St. Michael's Church
We, the people of far western Minnesota, boarded by the great Minnesota River, are God loving, Jesus seeking, Spirit filled people. We are people engrossed with farming receiving the bounty God offers us year after year. We are strong families centered on the Holy Eucharist serving others with what God has given us.
Tuesday 6:30 pm
Wednesday 8:00 am
Sunday 10:00 am
Madison Nursing Home
10am weekly mass or communion service
The pioneer parishioners determined to build a church and establish a Parish in 1885 and a petition was sent to Bishop John Ireland of St. Paul. The first church of wood frame construction was built in 1886 by Fr. Andrew Kober.
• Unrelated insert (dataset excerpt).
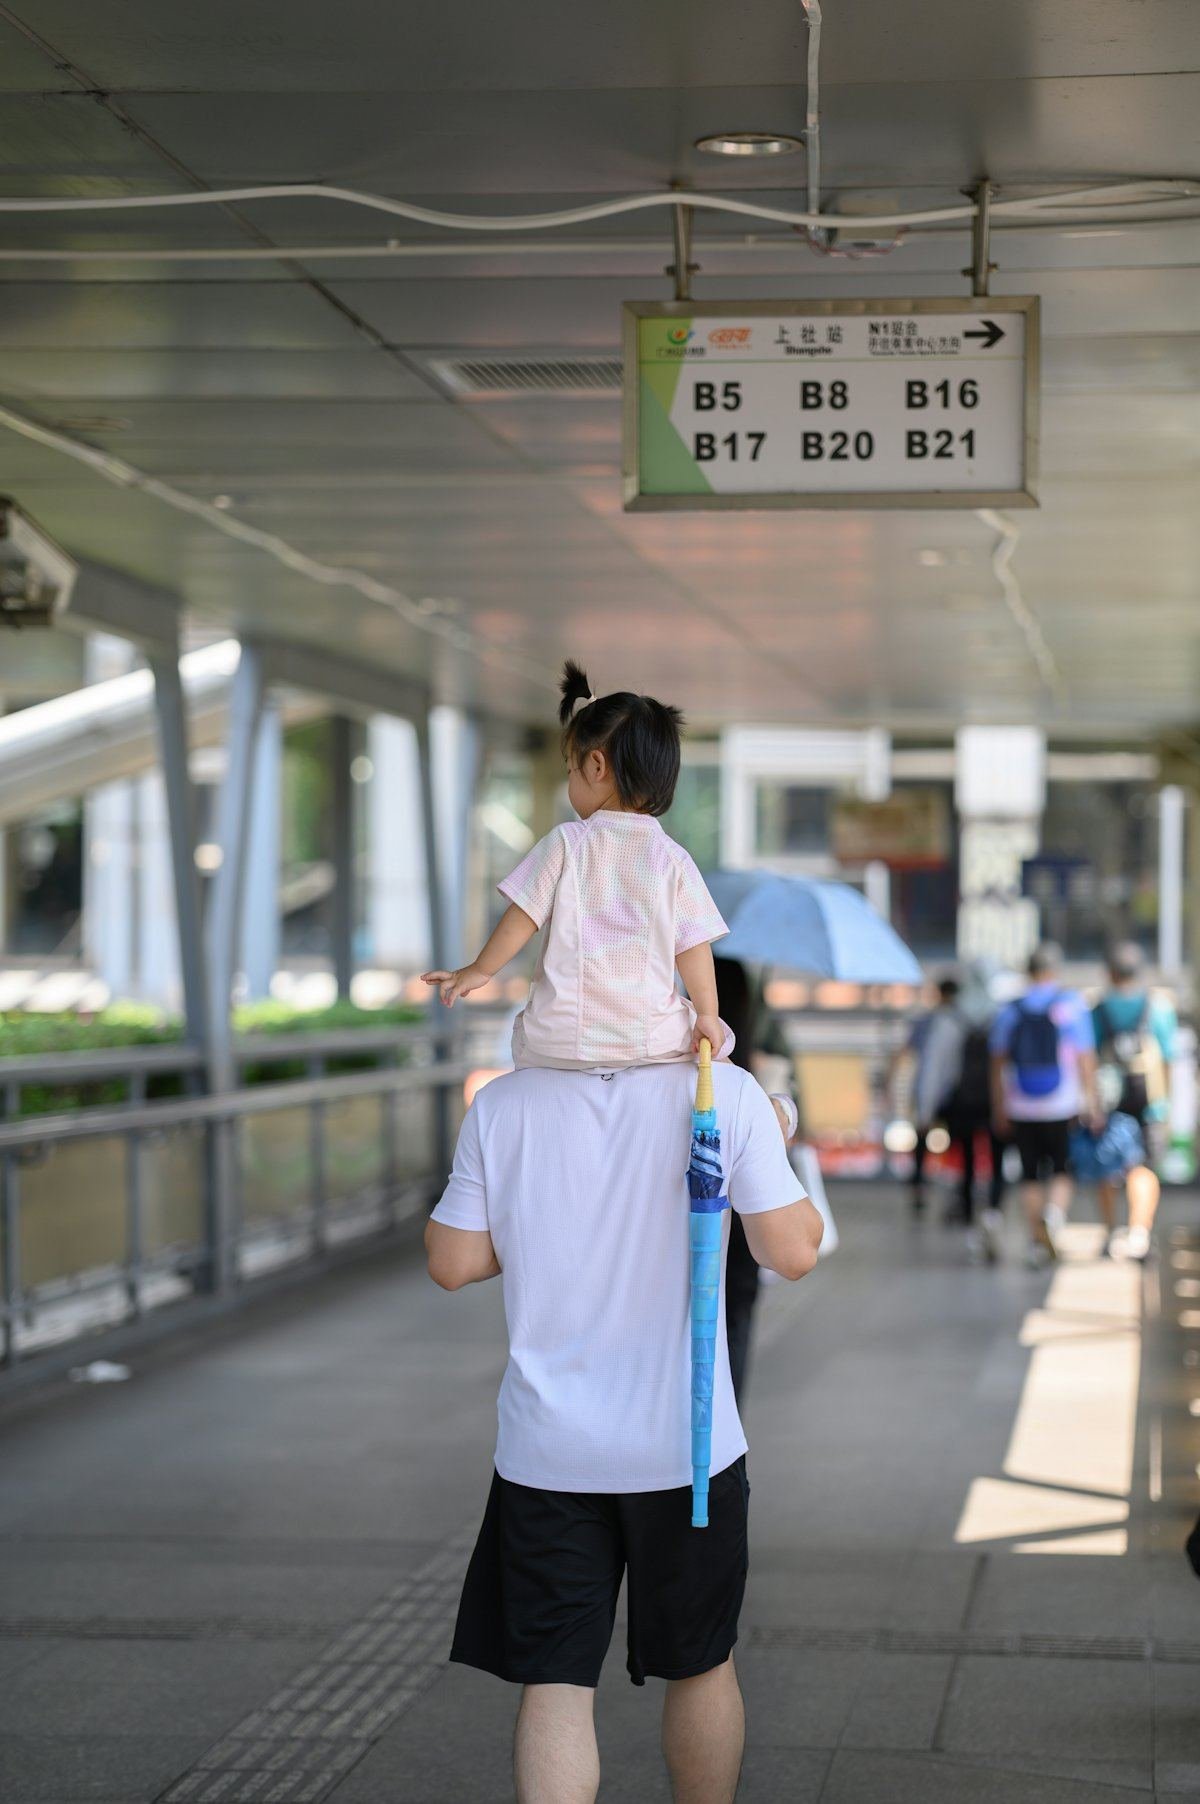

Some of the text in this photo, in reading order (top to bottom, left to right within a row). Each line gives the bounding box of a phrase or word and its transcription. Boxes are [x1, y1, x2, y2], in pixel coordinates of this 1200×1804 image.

[693, 379, 980, 412] B5 B8 B16
[693, 429, 976, 462] B17 B20 B21
The parish territory included the areas of Madison, Marietta, Rosen, Nassau, Dawson and Revillo, South Dakota.
During the early years; when a priest was unable to come and celebrate Mass, parishioners gathered at the church on Sunday and recited the rosary.
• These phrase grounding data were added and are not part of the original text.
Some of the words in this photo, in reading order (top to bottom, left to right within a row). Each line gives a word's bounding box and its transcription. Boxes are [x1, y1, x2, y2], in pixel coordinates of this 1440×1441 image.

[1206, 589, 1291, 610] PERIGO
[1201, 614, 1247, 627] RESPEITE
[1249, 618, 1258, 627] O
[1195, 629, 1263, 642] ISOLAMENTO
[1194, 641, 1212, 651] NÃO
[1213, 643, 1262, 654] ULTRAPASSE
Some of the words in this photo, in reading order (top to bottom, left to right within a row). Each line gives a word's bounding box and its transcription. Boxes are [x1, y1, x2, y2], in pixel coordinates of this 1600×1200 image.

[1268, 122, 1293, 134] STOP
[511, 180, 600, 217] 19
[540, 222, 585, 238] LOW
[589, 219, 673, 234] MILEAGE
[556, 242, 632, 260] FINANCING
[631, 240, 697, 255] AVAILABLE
St. Michael's was officially established as a parish of the Diocese of St. Paul on April 23, 1891 when Articles of Incorporation were signed by Bishop Ireland.
The first church was destroyed by fire on August 15, 1904.
A second church of brick construction was built in 1904 during Fr. Klein's pastorate. For a second time the parishioners lost their church when it was struck by lightning on September 19, 1913. The building was completely destroyed except for the outer brick walls.
Construction of the third and present church building was begun in 1913 during Fr. Valentine Schiffrer's pastorate. During the construction the owner of the movie theater in Madison offered the facilities to the parish for Sunday services and Masses and other services were held there for many months. There was even a marriage held in the movie theater. The building was blessed by Bishop John Ireland on September 29, 1915.
A major concern of the pioneer families was the establishment of a parish school. As early as 1898, when Fr. Vilman was pastor, the first school came into being. Much of the parish growth can be attributed to the fact that the parish has maintained a Catholic school.
The first classes were held in the old wooden church building and were taught by lay teachers. The teachers recall the early days in the church. The sanctuary was curtained off during school sessions. The school desk was a shelf affair hinged to the back of the church pews which could be operated like a drop leaf table. Over the weekends the desks were folded down flat against the basks of the pews. Church pews were the school seats. There no blackboards; slates were used for writing and there were no tablets or paper. Discipline was strict. "But there was no homework." Catechism was taught by the pastor and it was bad policy not to know the answer when you were called on to recite.